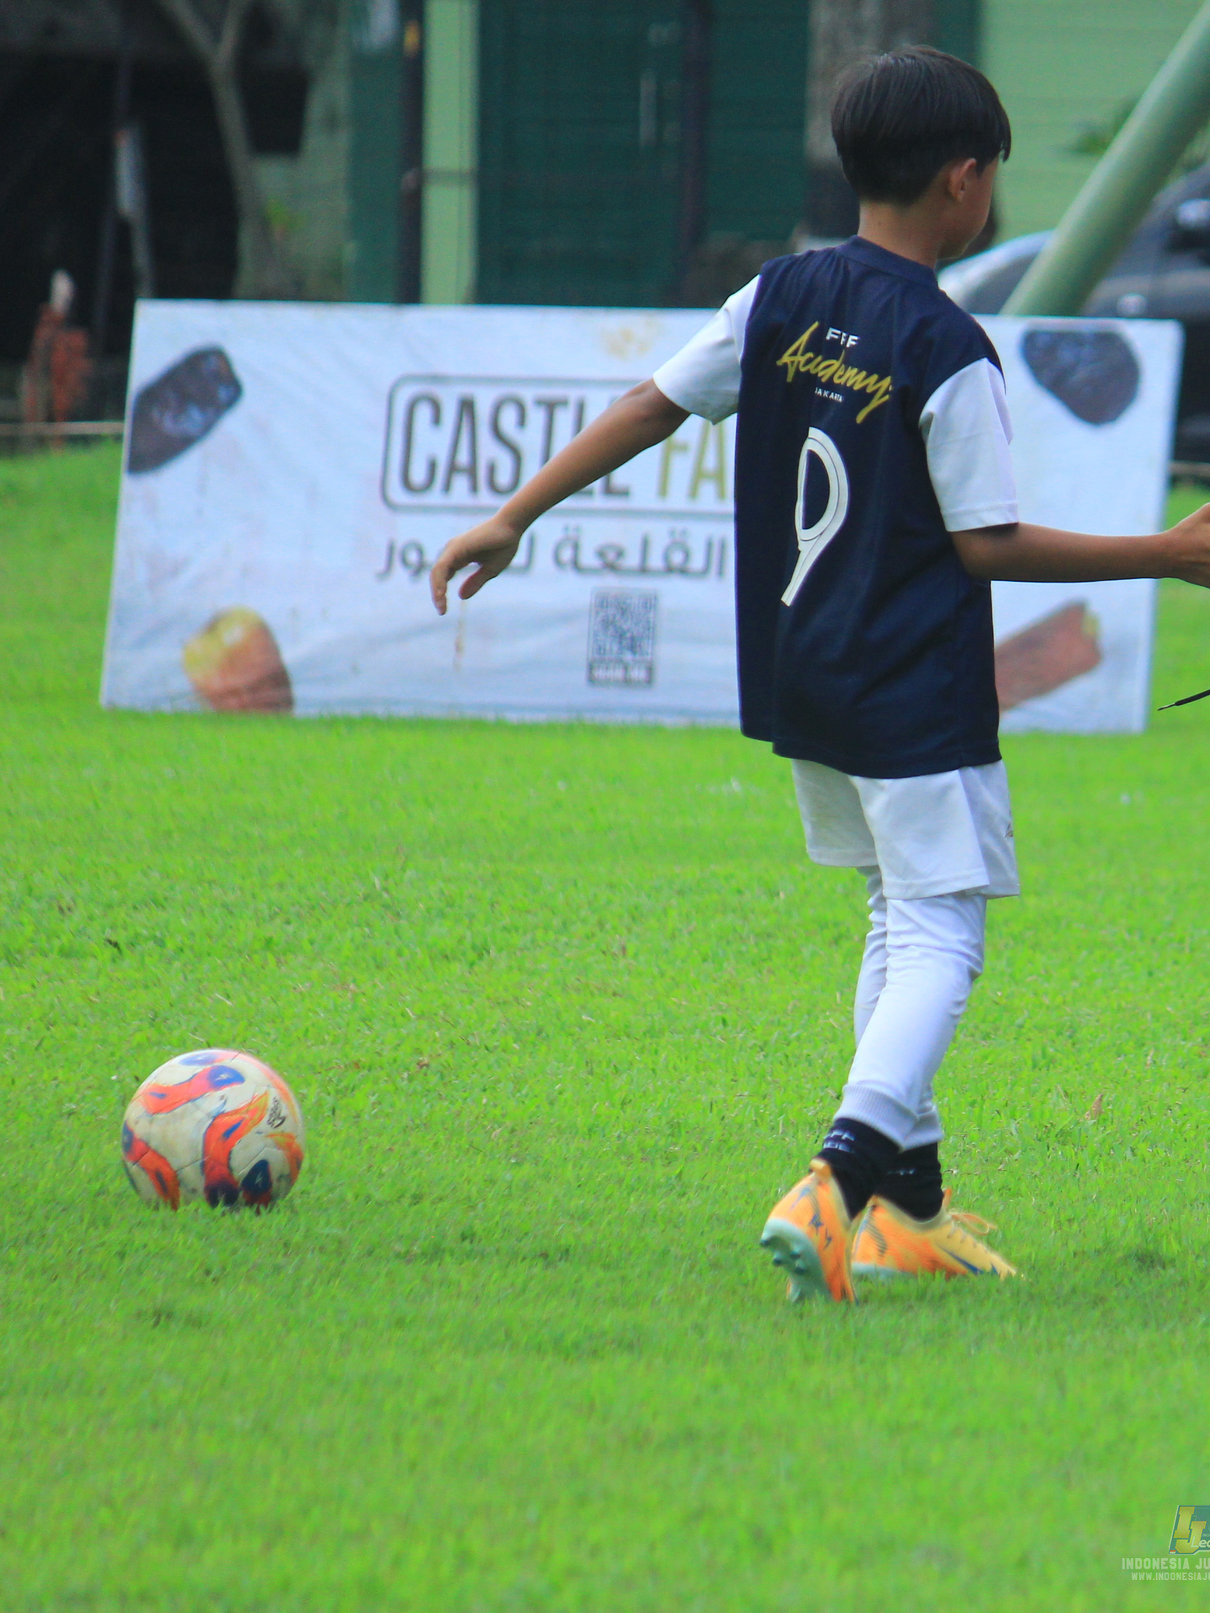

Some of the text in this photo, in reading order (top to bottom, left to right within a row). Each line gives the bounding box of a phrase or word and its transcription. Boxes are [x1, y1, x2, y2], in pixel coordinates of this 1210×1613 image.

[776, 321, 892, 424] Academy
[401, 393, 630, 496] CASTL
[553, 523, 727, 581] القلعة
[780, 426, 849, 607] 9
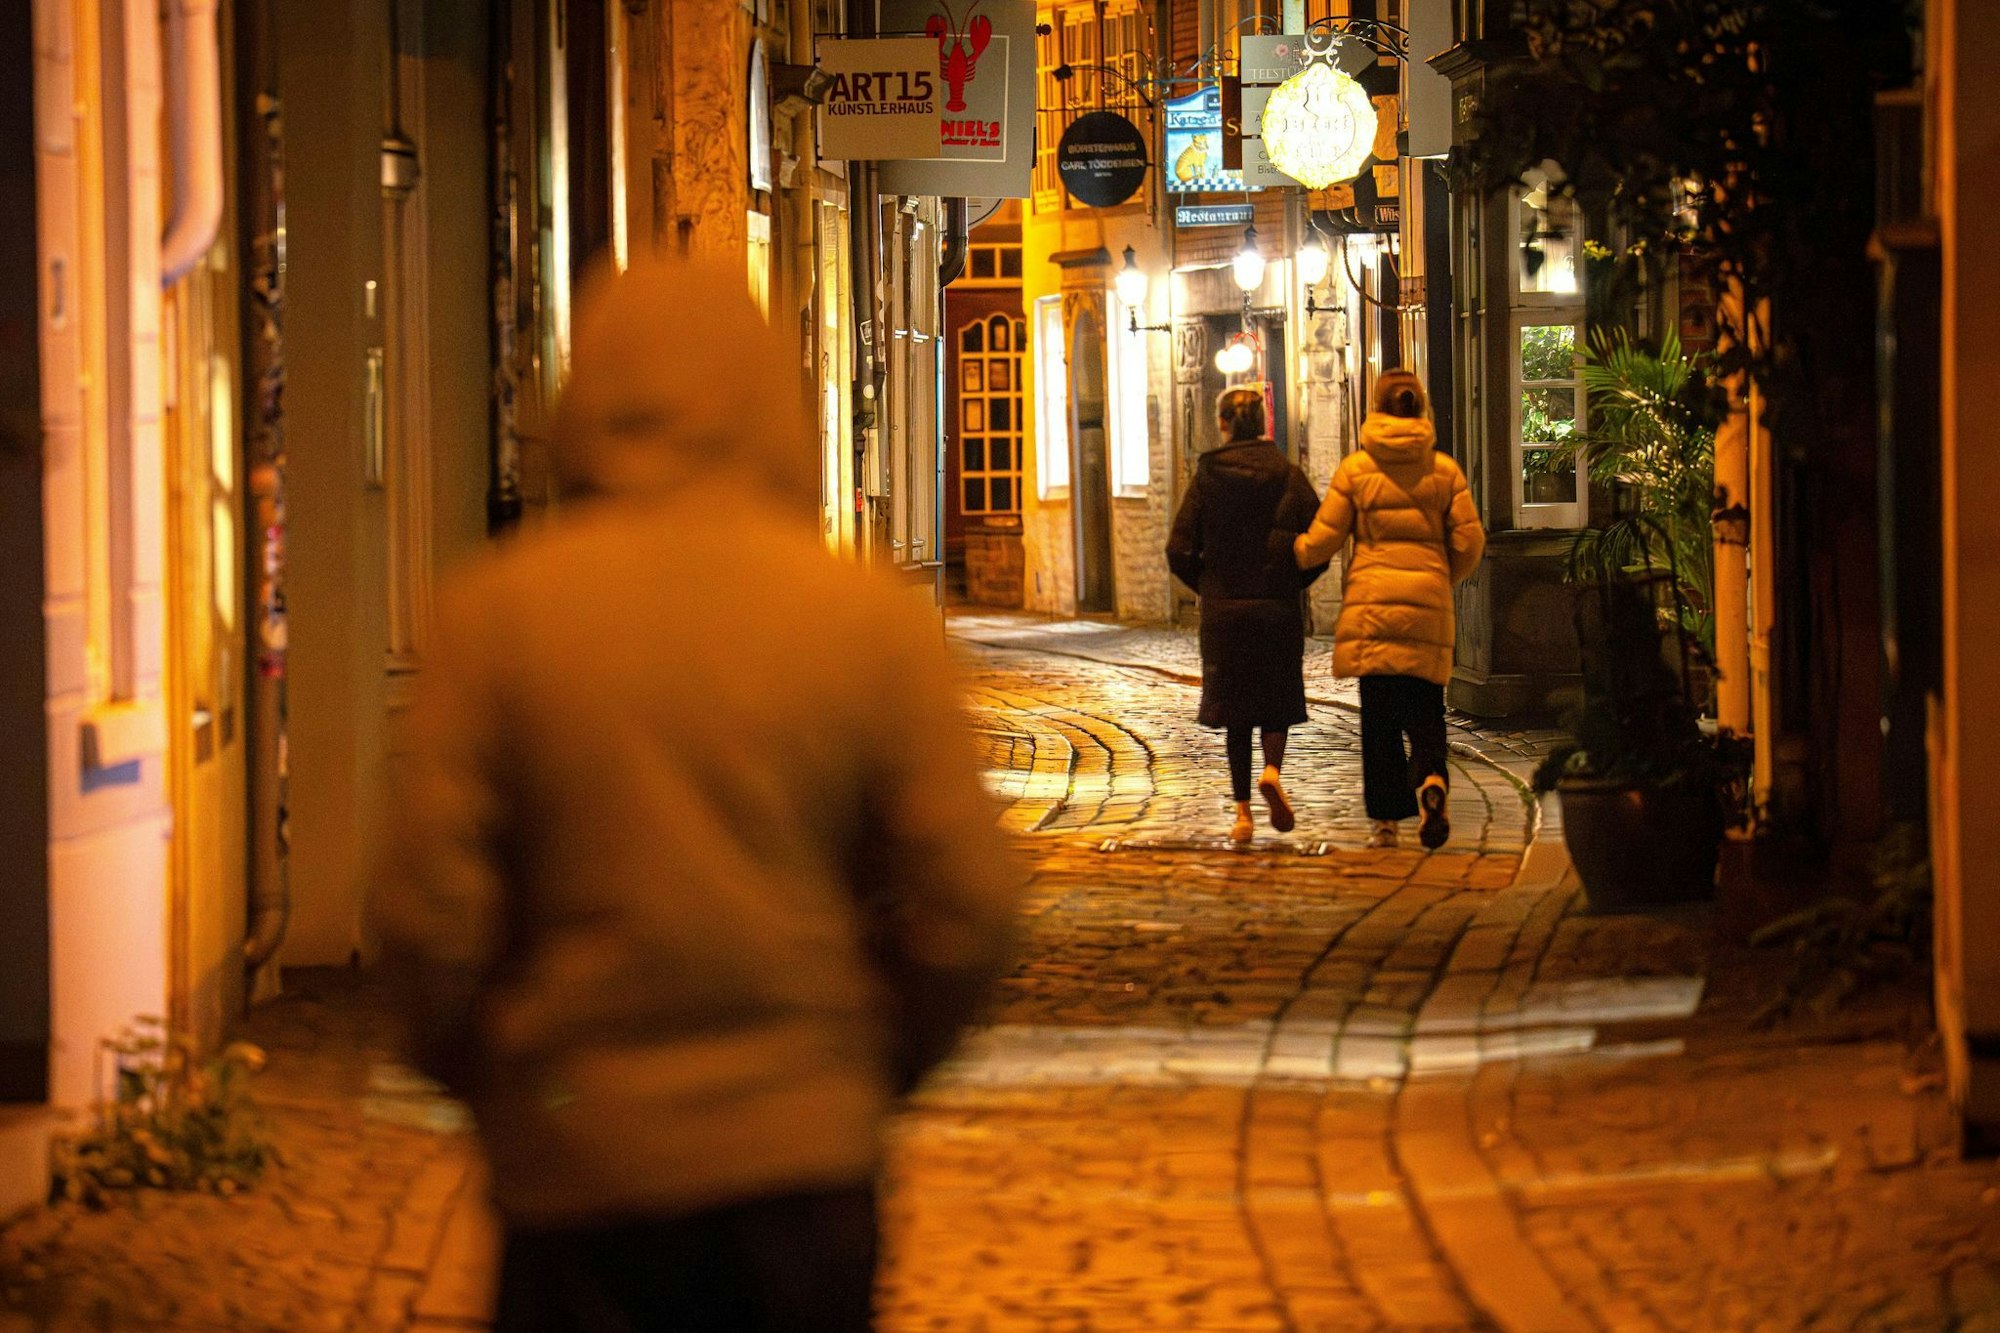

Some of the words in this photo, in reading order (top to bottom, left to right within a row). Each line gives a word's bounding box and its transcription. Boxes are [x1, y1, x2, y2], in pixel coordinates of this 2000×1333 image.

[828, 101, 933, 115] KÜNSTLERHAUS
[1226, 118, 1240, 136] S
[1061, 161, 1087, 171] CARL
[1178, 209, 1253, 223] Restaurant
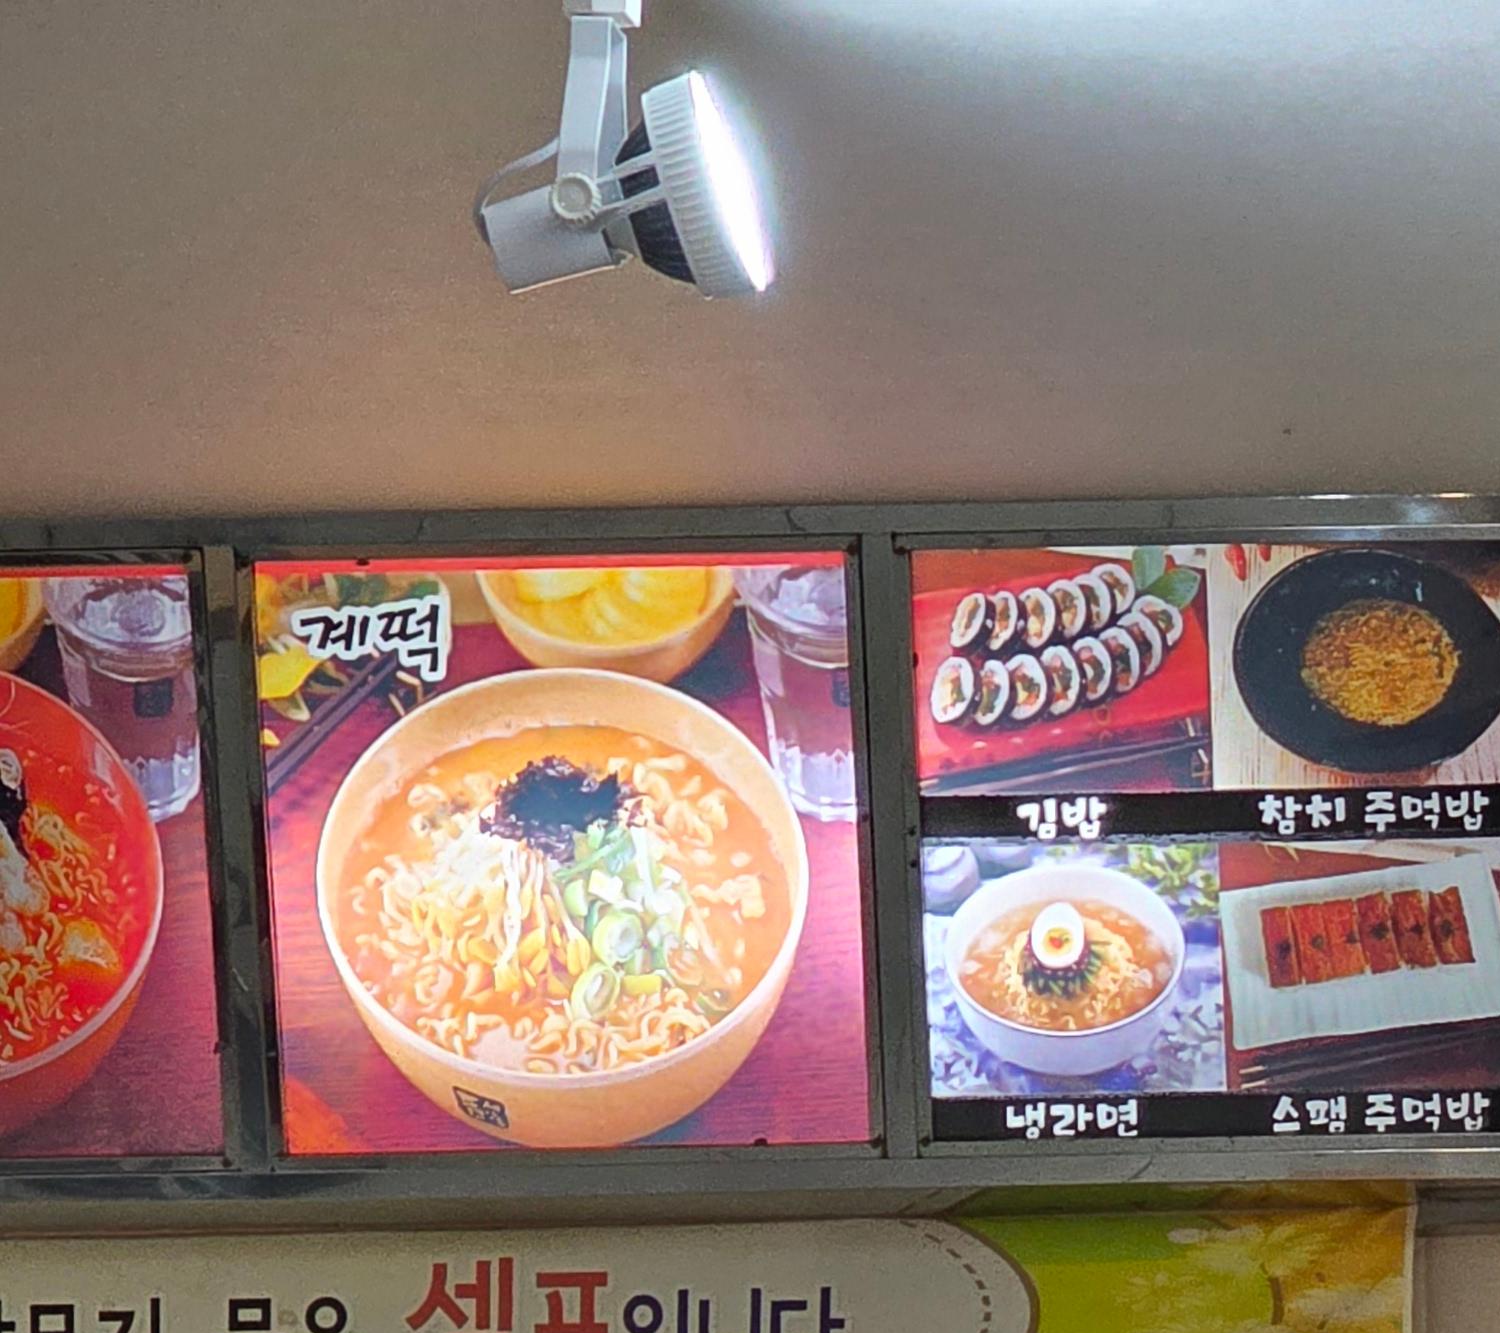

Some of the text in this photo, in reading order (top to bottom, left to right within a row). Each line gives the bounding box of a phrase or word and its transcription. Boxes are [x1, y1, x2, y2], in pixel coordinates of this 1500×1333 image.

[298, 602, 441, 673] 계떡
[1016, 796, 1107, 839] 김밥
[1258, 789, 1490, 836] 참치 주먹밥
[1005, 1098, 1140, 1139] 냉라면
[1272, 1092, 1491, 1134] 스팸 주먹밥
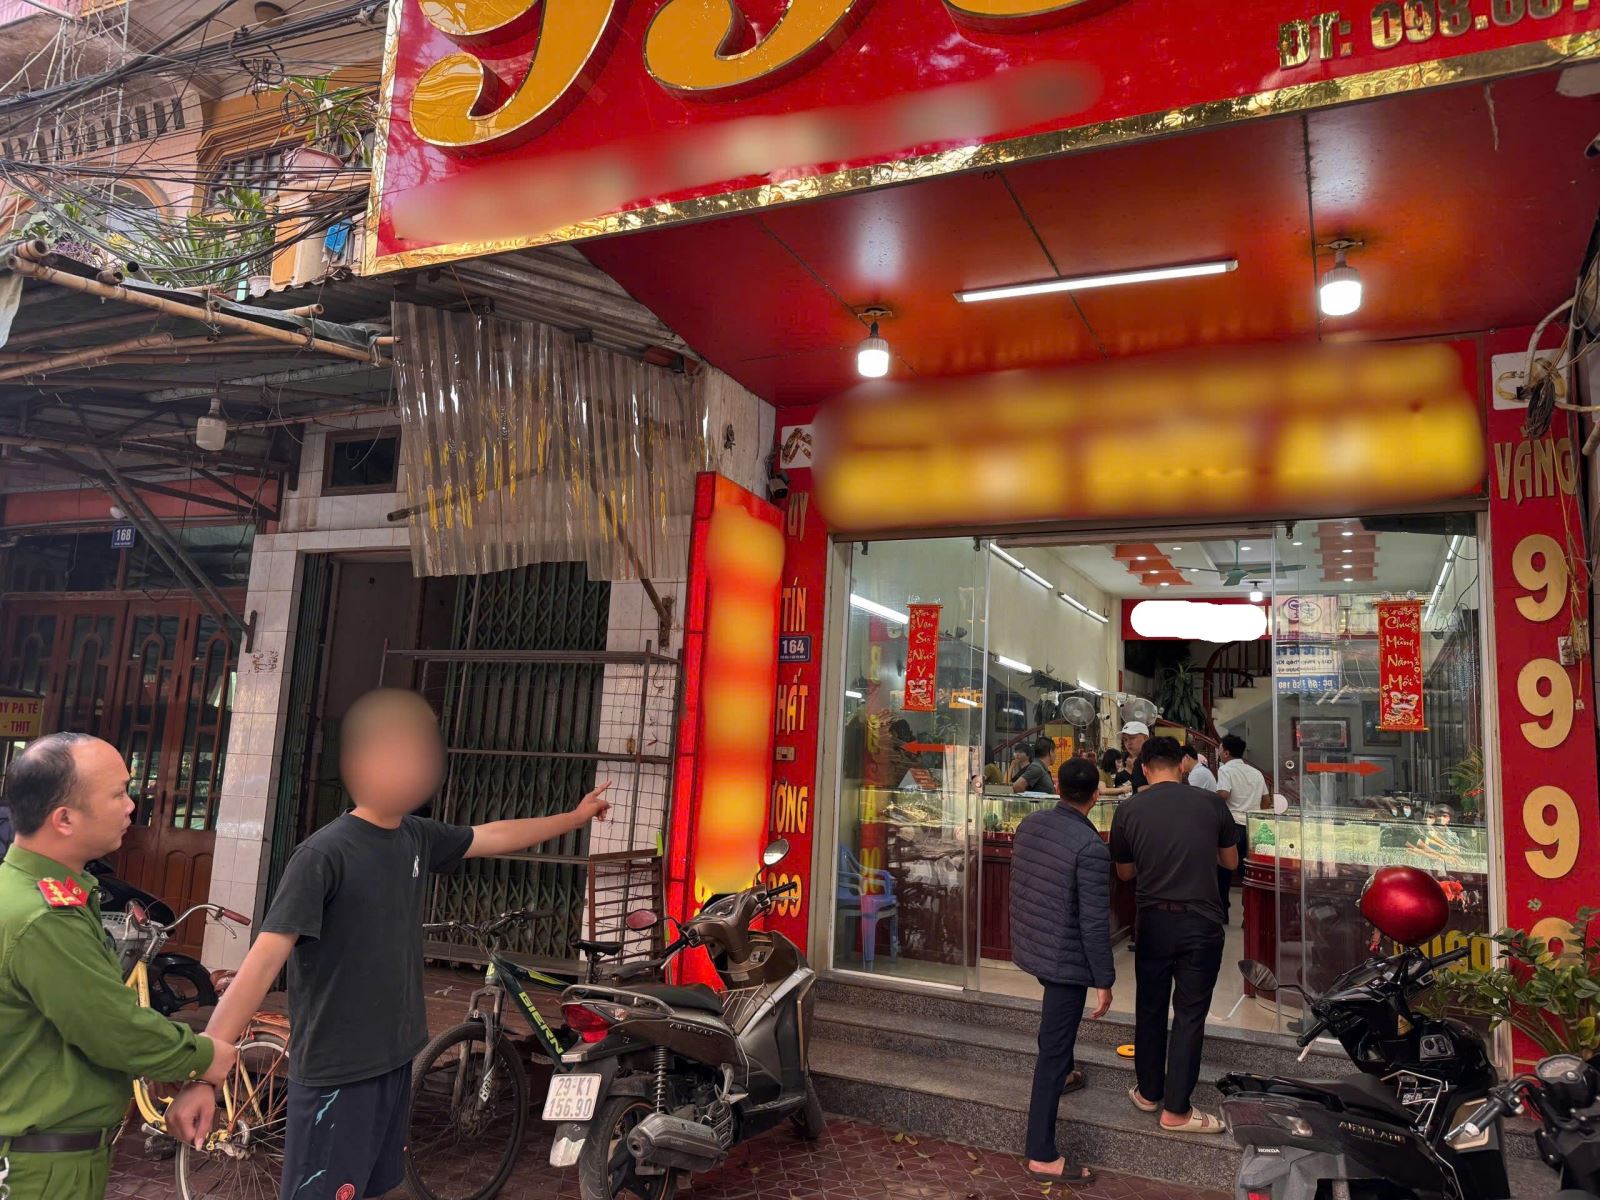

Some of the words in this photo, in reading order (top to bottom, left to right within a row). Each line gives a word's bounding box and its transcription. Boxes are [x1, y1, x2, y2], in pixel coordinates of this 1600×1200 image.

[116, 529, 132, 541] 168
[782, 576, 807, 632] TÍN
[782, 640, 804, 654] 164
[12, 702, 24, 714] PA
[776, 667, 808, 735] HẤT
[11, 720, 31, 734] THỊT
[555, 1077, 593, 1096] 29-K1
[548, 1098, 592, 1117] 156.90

####################

Although the records above include pictures, the copy must contain only their exact text.

**Finished task**
Some of the text in this photo, in reading order (top to bottom, left to right within a row). Each line gives the bounding box of a phrase or word and its transcription. Boxes are [x1, y1, x2, y2], in pixel coordinates of this 1210×1613 image.

[776, 321, 892, 424] Academy
[401, 393, 630, 496] CASTL
[553, 523, 727, 581] القلعة
[780, 426, 849, 607] 9

Some of the words in this photo, in reading order (top to bottom, left to right within a row). Each line gives a word's bounding box and its transcription. Boxes are [x1, y1, x2, y2], in pixel coordinates of this 2000×1333 image.

[828, 101, 933, 115] KÜNSTLERHAUS
[1226, 118, 1240, 136] S
[1061, 161, 1087, 171] CARL
[1178, 209, 1253, 223] Restaurant

Some of the text in this photo, in reading order (top to bottom, left to right within a row). Each line gives the bounding box of a phrase or word and its transcription. Boxes are [x1, y1, x2, y2], in pixel coordinates of this 1500×1333 image.

[298, 602, 441, 673] 계떡
[1016, 796, 1107, 839] 김밥
[1258, 789, 1490, 836] 참치 주먹밥
[1005, 1098, 1140, 1139] 냉라면
[1272, 1092, 1491, 1134] 스팸 주먹밥

Some of the words in this photo, in reading order (top to bottom, left to right within a row). Each line gives a word's bounding box and its transcription. Boxes are [x1, y1, x2, y2], in pixel coordinates of this 1600×1200 image.

[116, 529, 132, 541] 168
[782, 576, 807, 632] TÍN
[782, 640, 804, 654] 164
[12, 702, 24, 714] PA
[776, 667, 808, 735] HẤT
[11, 720, 31, 734] THỊT
[555, 1077, 593, 1096] 29-K1
[548, 1098, 592, 1117] 156.90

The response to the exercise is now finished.